Thankfully it's nothing serious and nothing is broken but rather it is a nasty sprain, however I'm not allowed to weight bear today so I spent the morning in bed and now I'm on the couch. I'm all dosed up on painkillers to try and manage the excruciating pain and I have a leg brace to provide some support too.

I'm so frustrated because this will halt my running and exercise, I had to cancel my program planning I had for tomorrow and I just hate being so confined. It's ok when you choose to have a break but being forced to is annoying, especially as I really want to re-focus on my diet and exercise and get some more kilos off and get fitter.

As frustrating as this rest is I know I need to do it because I literally can't walk on my left leg and I know I need to make sure not to push it too hard too soon because otherwise I'll do more damage and only prolong my recovery.

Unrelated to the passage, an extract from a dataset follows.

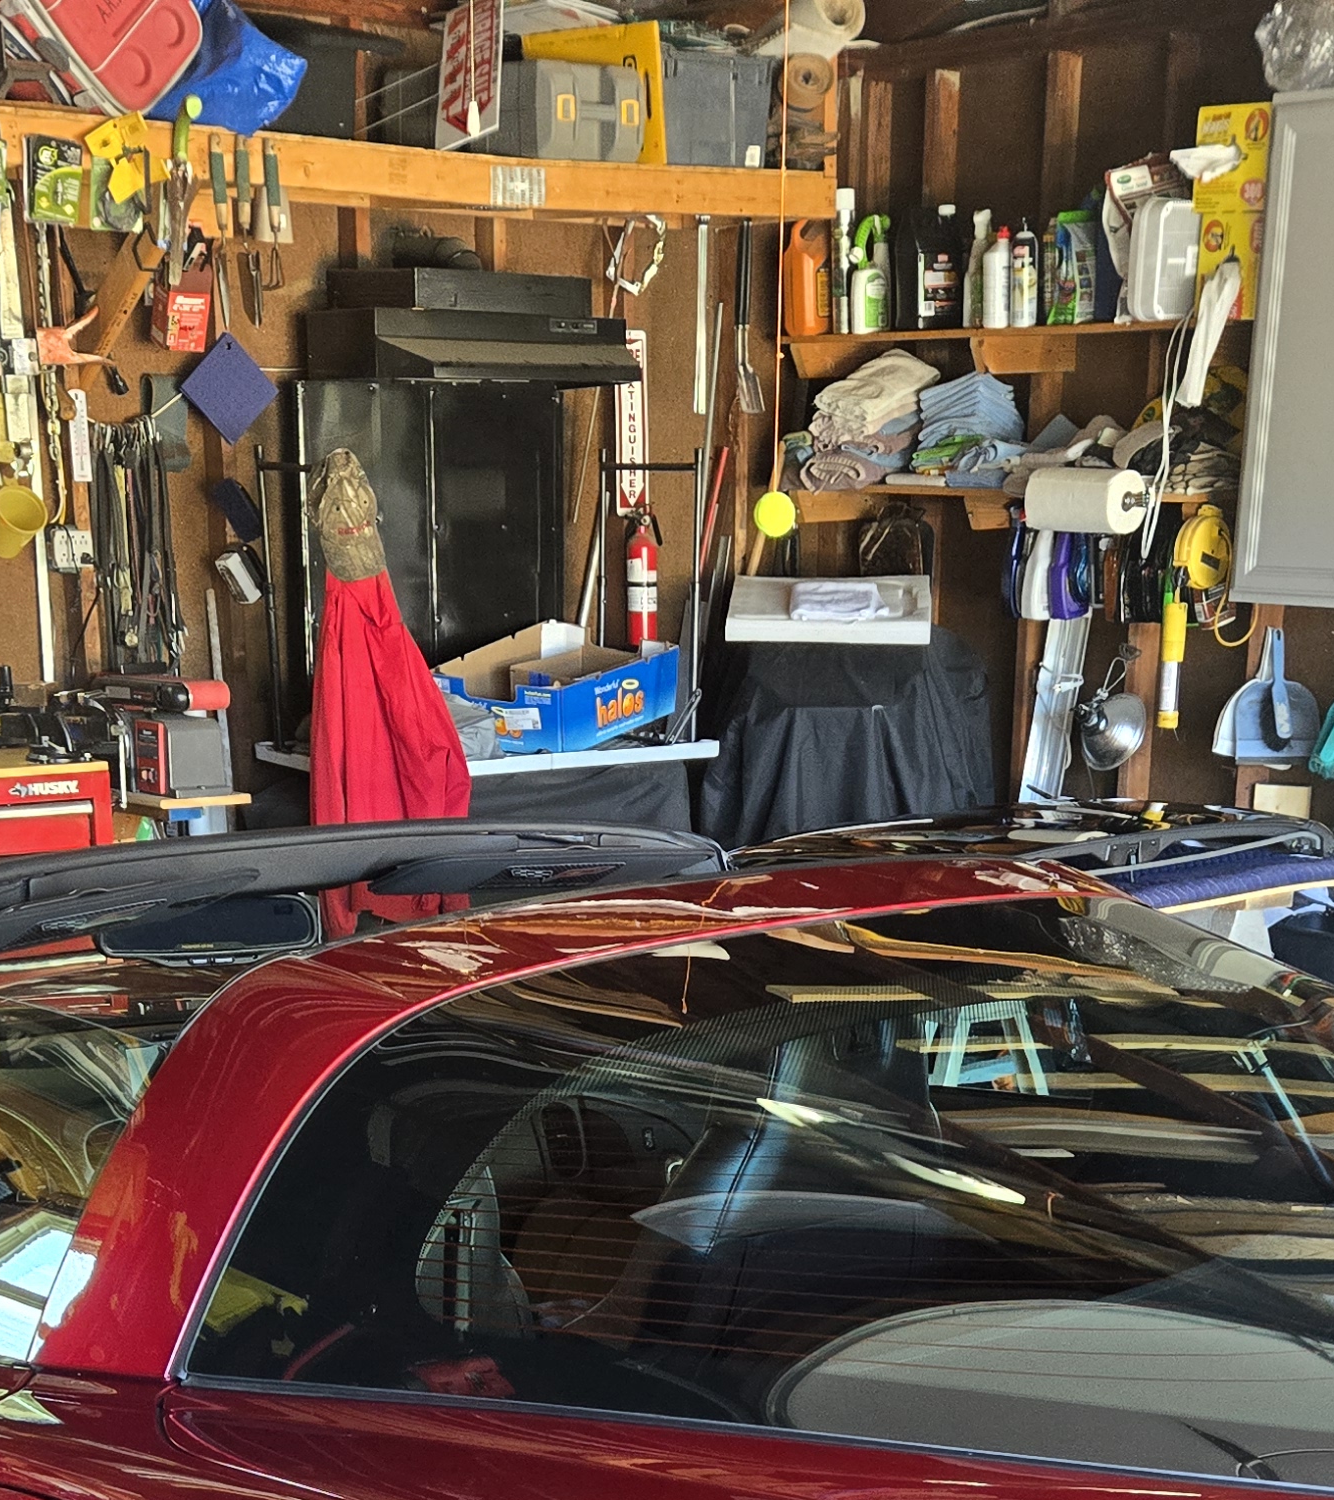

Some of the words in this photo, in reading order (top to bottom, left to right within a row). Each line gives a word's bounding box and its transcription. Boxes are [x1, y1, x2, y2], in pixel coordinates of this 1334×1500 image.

Here is me hobbling around.



On a more positive note, I am meeting with Australian powerlifter Ray Hope on Sunday as part of his campaign to have 1000 healthy people by Christmas, to see if he can help me reach my goals. Additionally, my husband and I are off to see Hugh Laurie perform so that will certainly be a very bright point in my day and is something I've been looking forward to for a couple of months. I'll just be sure to make sure I've got a good supply of painkillers with me!